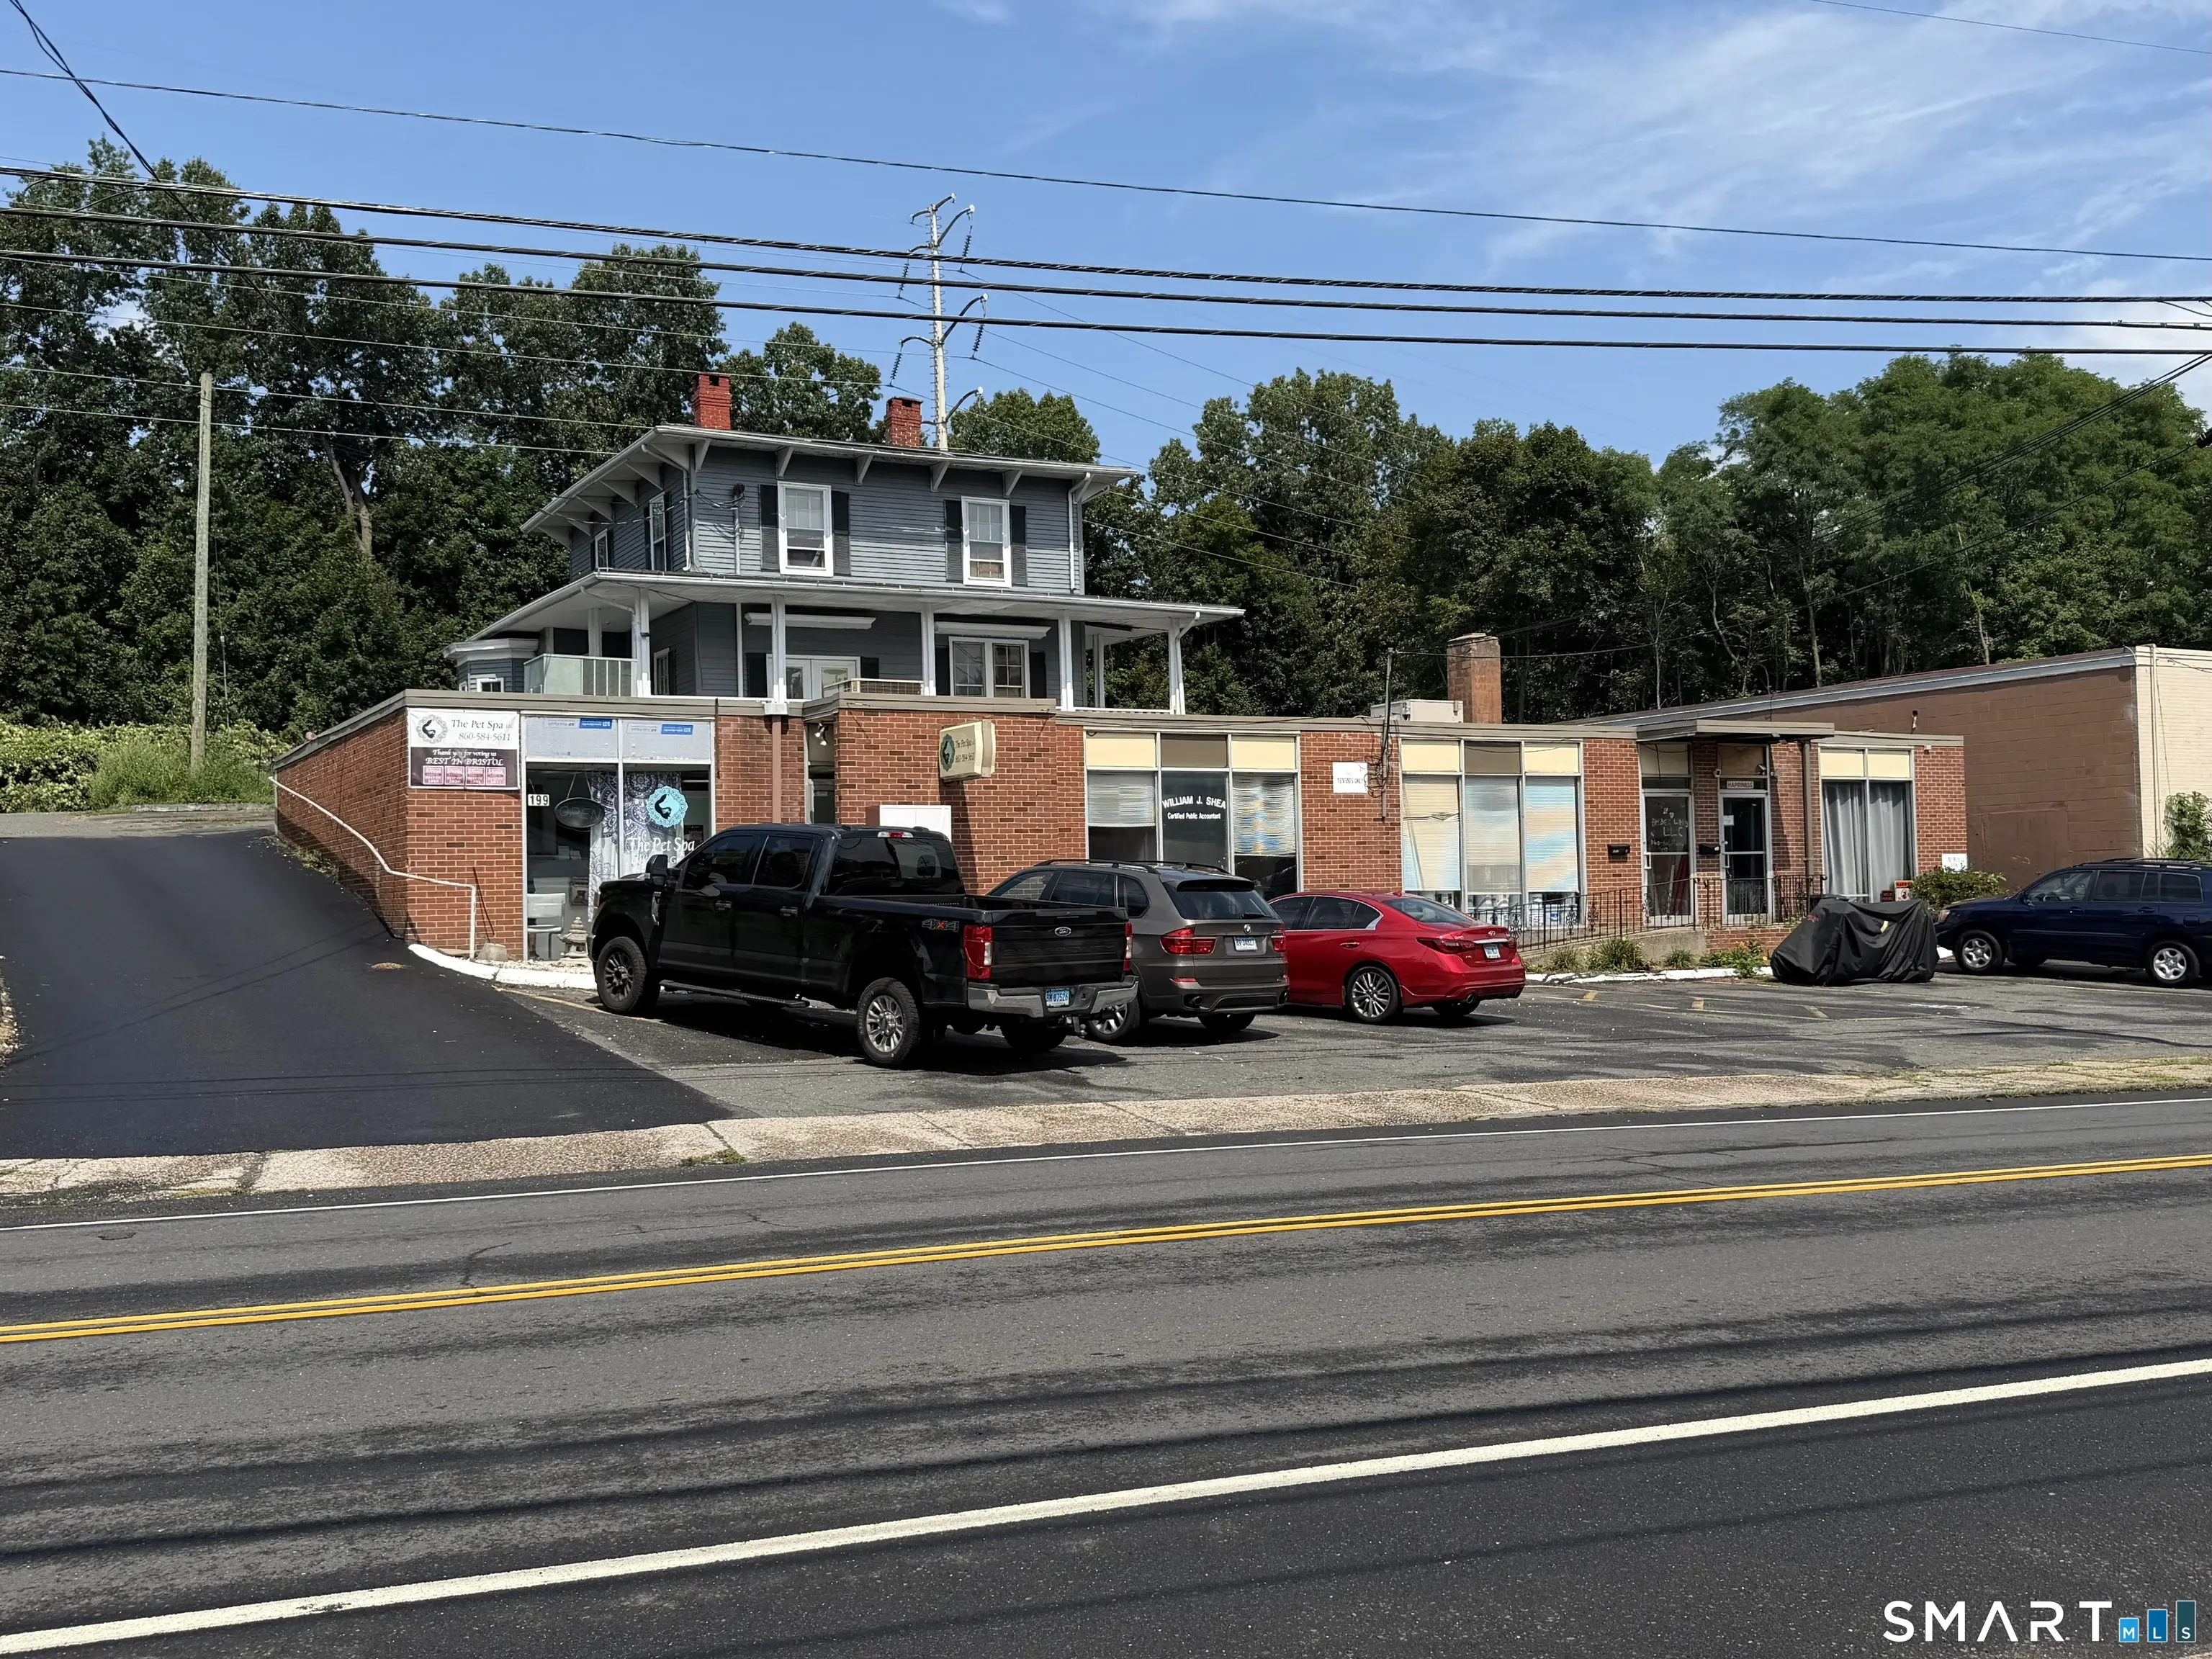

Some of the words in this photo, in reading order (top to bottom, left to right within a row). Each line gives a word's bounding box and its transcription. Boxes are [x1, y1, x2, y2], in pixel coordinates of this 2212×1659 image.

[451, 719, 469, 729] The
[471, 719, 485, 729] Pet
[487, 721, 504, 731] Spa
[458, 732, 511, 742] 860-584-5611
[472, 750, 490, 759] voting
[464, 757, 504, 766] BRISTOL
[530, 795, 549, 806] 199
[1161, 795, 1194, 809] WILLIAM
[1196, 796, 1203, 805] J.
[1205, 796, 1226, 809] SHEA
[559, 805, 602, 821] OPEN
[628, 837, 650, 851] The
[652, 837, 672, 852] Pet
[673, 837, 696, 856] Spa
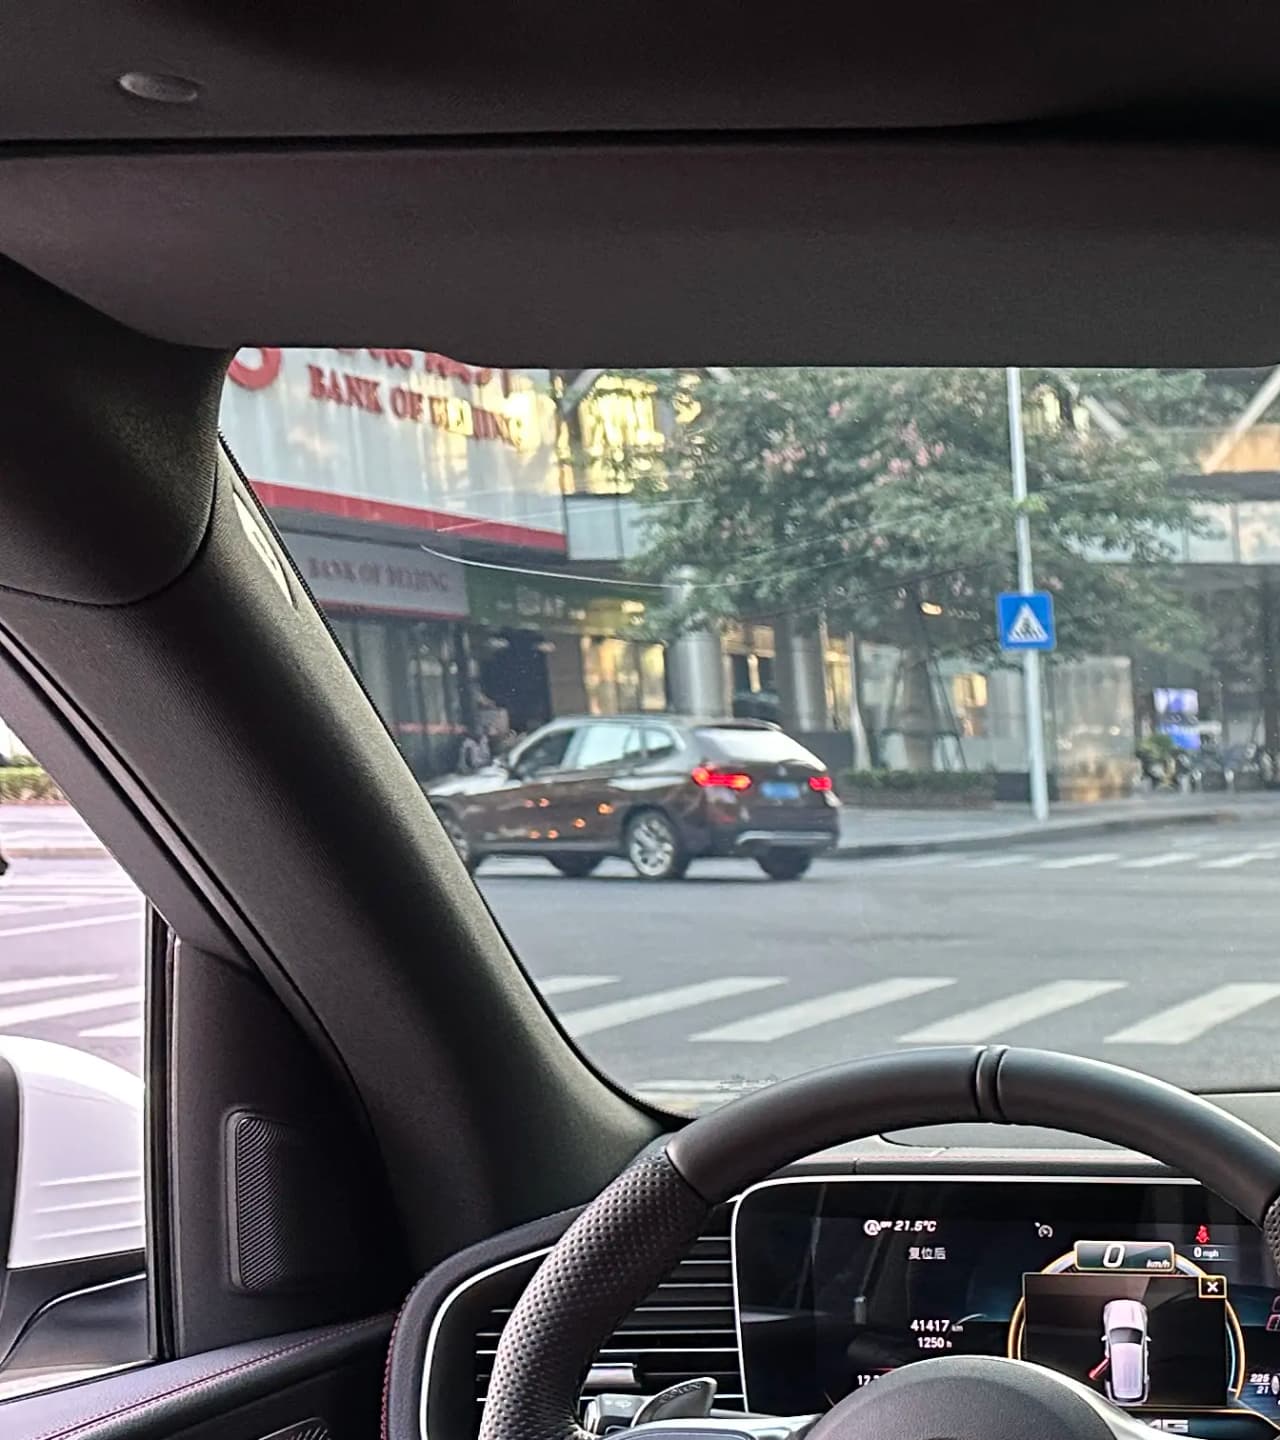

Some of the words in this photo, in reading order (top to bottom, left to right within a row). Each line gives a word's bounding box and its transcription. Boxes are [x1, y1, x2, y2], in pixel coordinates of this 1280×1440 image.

━━━━━━━━━━━━━━━━━━━━

Every line above is to be given again exactly, apart from the pictures.

Some of the words in this photo, in reading order (top to bottom, left to right within a row). Each line gives a word's bounding box and its transcription. Boxes are [x1, y1, x2, y2], in pixel coordinates of this 2212×1659 image.

[451, 719, 469, 729] The
[471, 719, 485, 729] Pet
[487, 721, 504, 731] Spa
[458, 732, 511, 742] 860-584-5611
[472, 750, 490, 759] voting
[464, 757, 504, 766] BRISTOL
[530, 795, 549, 806] 199
[1161, 795, 1194, 809] WILLIAM
[1196, 796, 1203, 805] J.
[1205, 796, 1226, 809] SHEA
[559, 805, 602, 821] OPEN
[628, 837, 650, 851] The
[652, 837, 672, 852] Pet
[673, 837, 696, 856] Spa

Some of the words in this photo, in reading order (top to bottom, left to right within a row). Each line gives a word's bounding box and its transcription. Boxes are [x1, y1, x2, y2], in pixel coordinates of this 1280×1440 image.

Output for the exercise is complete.